INSTRUCTIONS FOR THE TASK:
Every entry is to be copied exactly as written, and the pictures are to be skipped.

[Stored records]
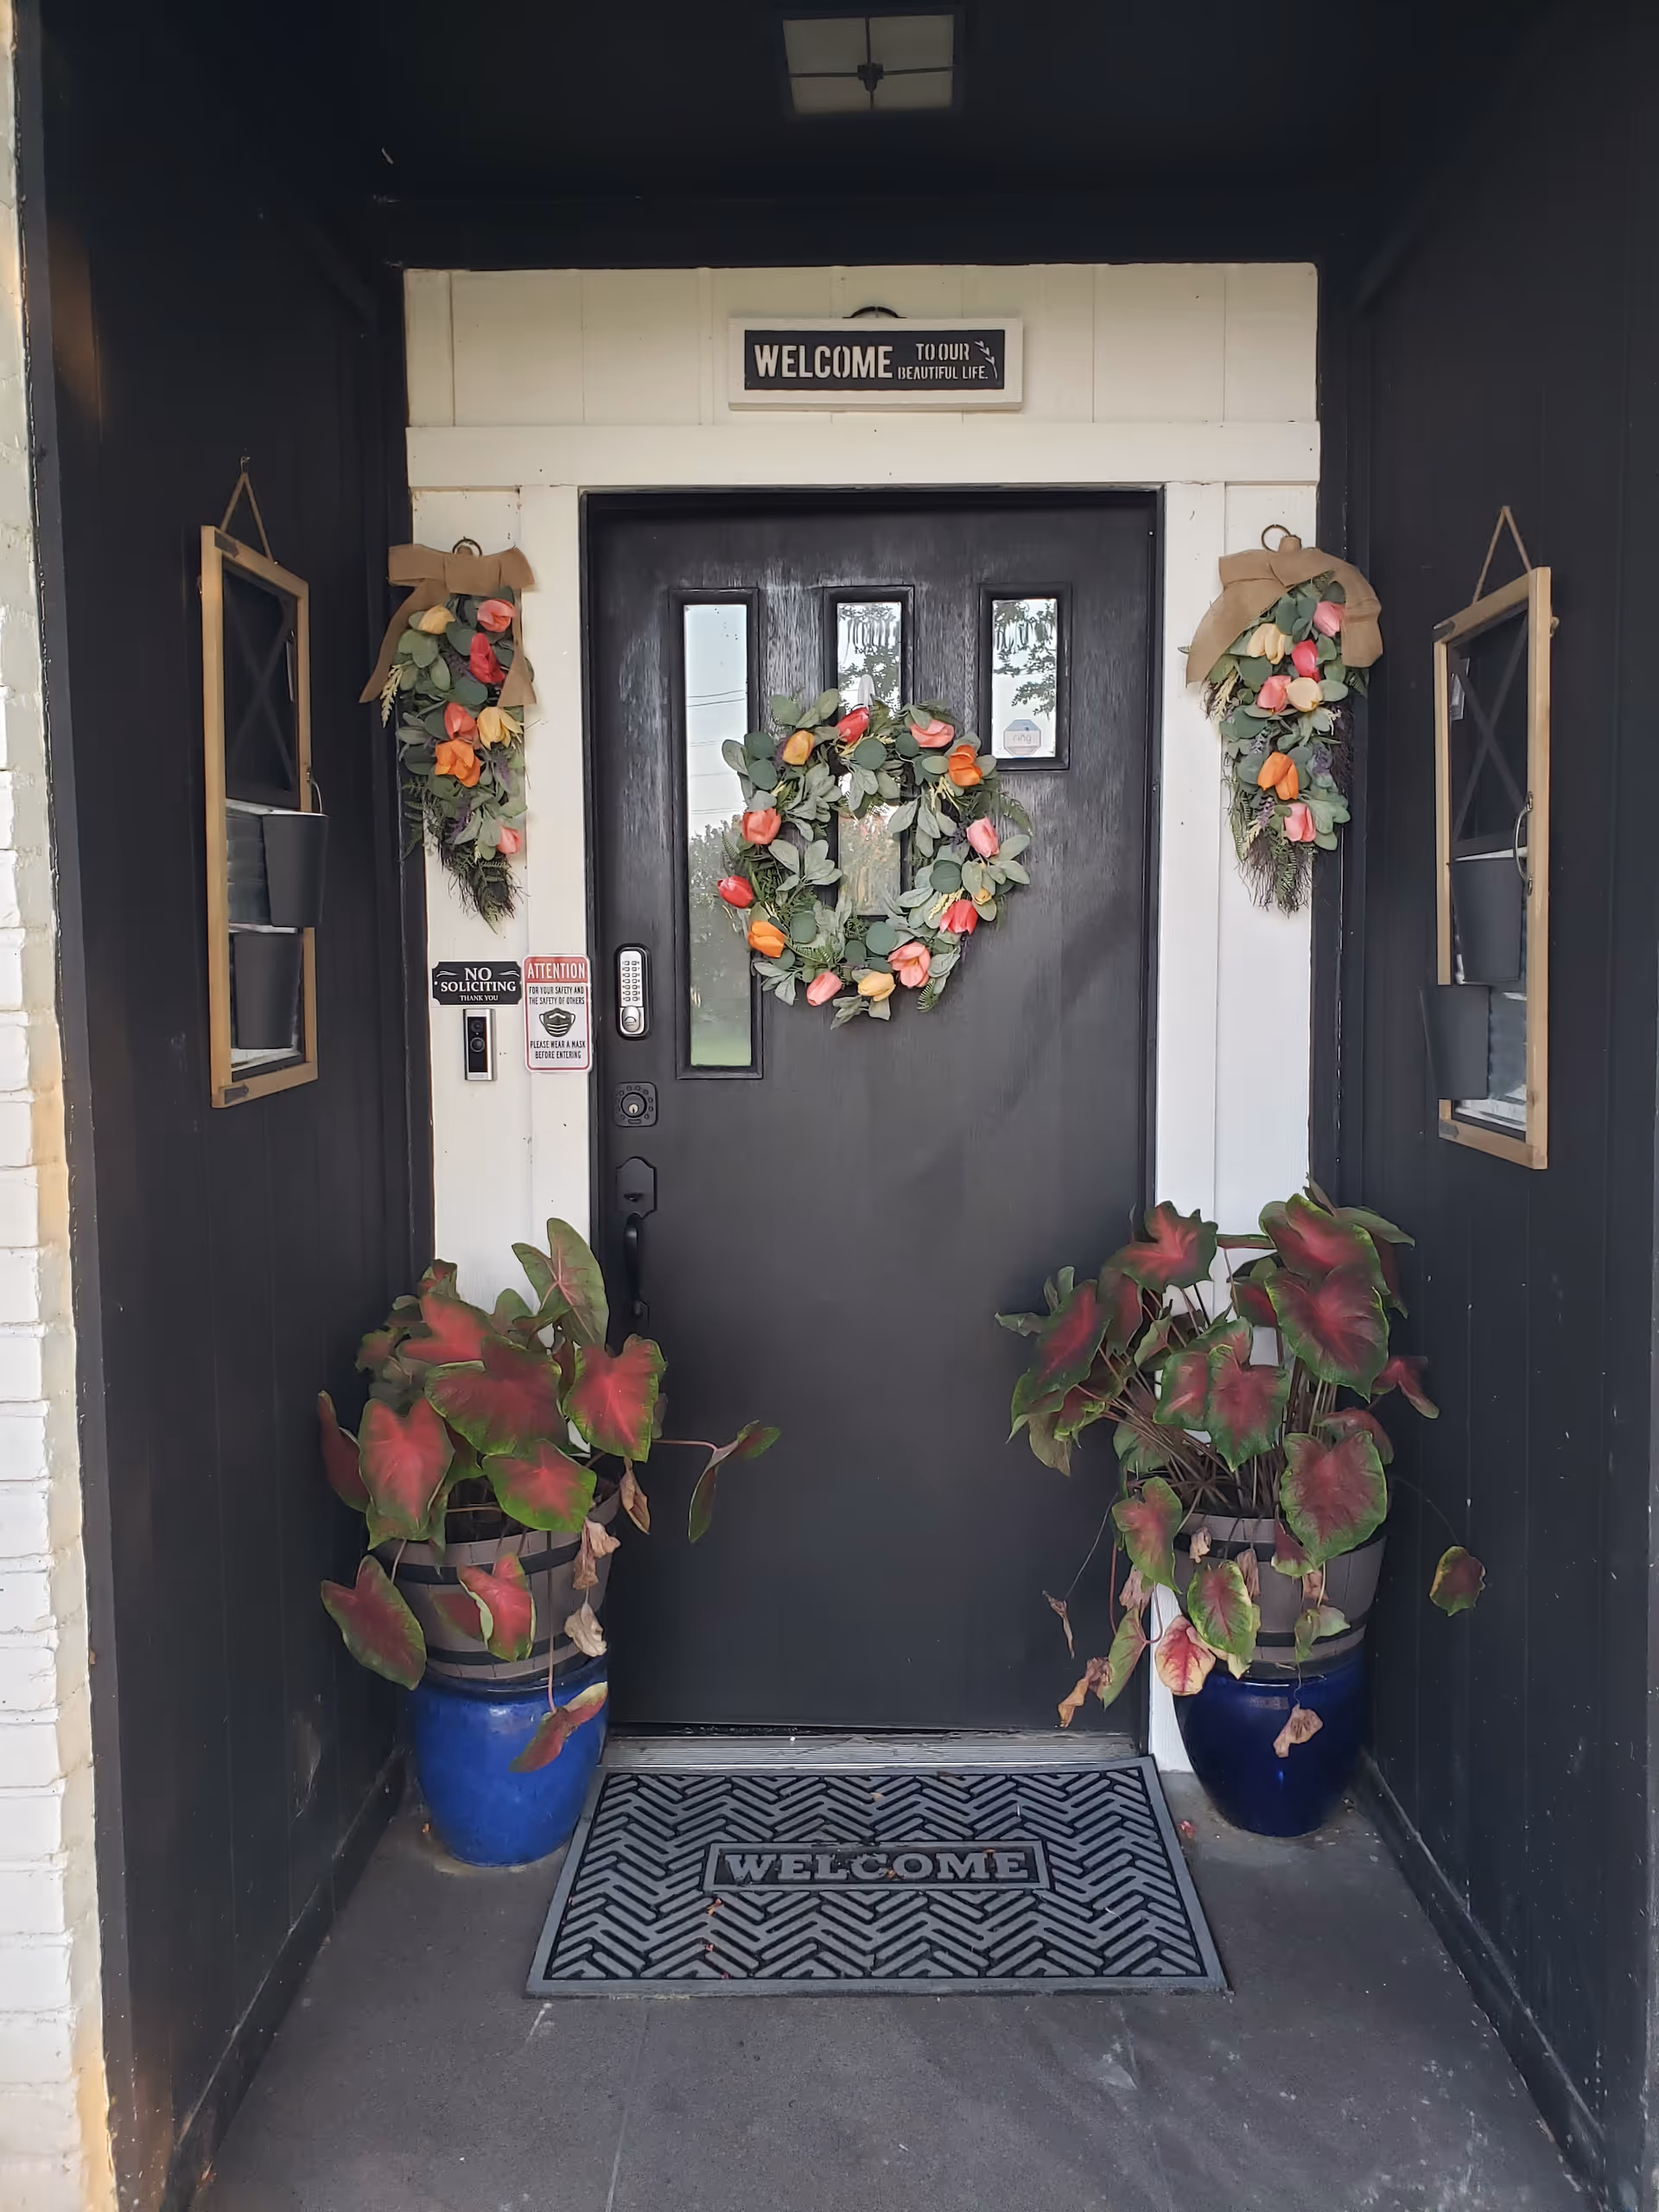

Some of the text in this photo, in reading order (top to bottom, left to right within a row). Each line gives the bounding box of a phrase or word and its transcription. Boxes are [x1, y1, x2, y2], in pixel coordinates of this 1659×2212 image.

[916, 343, 969, 360] TO OUR
[754, 345, 893, 378] WELCOME
[898, 365, 988, 380] BEAUTIFUL LIFE.
[1013, 734, 1032, 744] ring
[464, 967, 493, 982] NO
[527, 963, 585, 979] ATTENTION
[441, 981, 516, 992] SOLICITING
[529, 986, 584, 995] FOR YOUR SAFETY AND
[529, 996, 585, 1005] THE SAFETY OF OTHERS
[536, 1051, 582, 1059] BEFORE ENTERING
[724, 1852, 1028, 1882] WELCOME

ANSWER AREA:
Some of the text in this photo, in reading order (top to bottom, left to right within a row). Each line gives the bounding box of a phrase or word and its transcription. Boxes are [x1, y1, x2, y2], in pixel coordinates of this 1659×2212 image.

[916, 343, 969, 360] TO OUR
[754, 345, 893, 378] WELCOME
[898, 365, 988, 380] BEAUTIFUL LIFE.
[1013, 734, 1032, 744] ring
[464, 967, 493, 982] NO
[527, 963, 585, 979] ATTENTION
[441, 981, 516, 992] SOLICITING
[529, 986, 584, 995] FOR YOUR SAFETY AND
[529, 996, 585, 1005] THE SAFETY OF OTHERS
[536, 1051, 582, 1059] BEFORE ENTERING
[724, 1852, 1028, 1882] WELCOME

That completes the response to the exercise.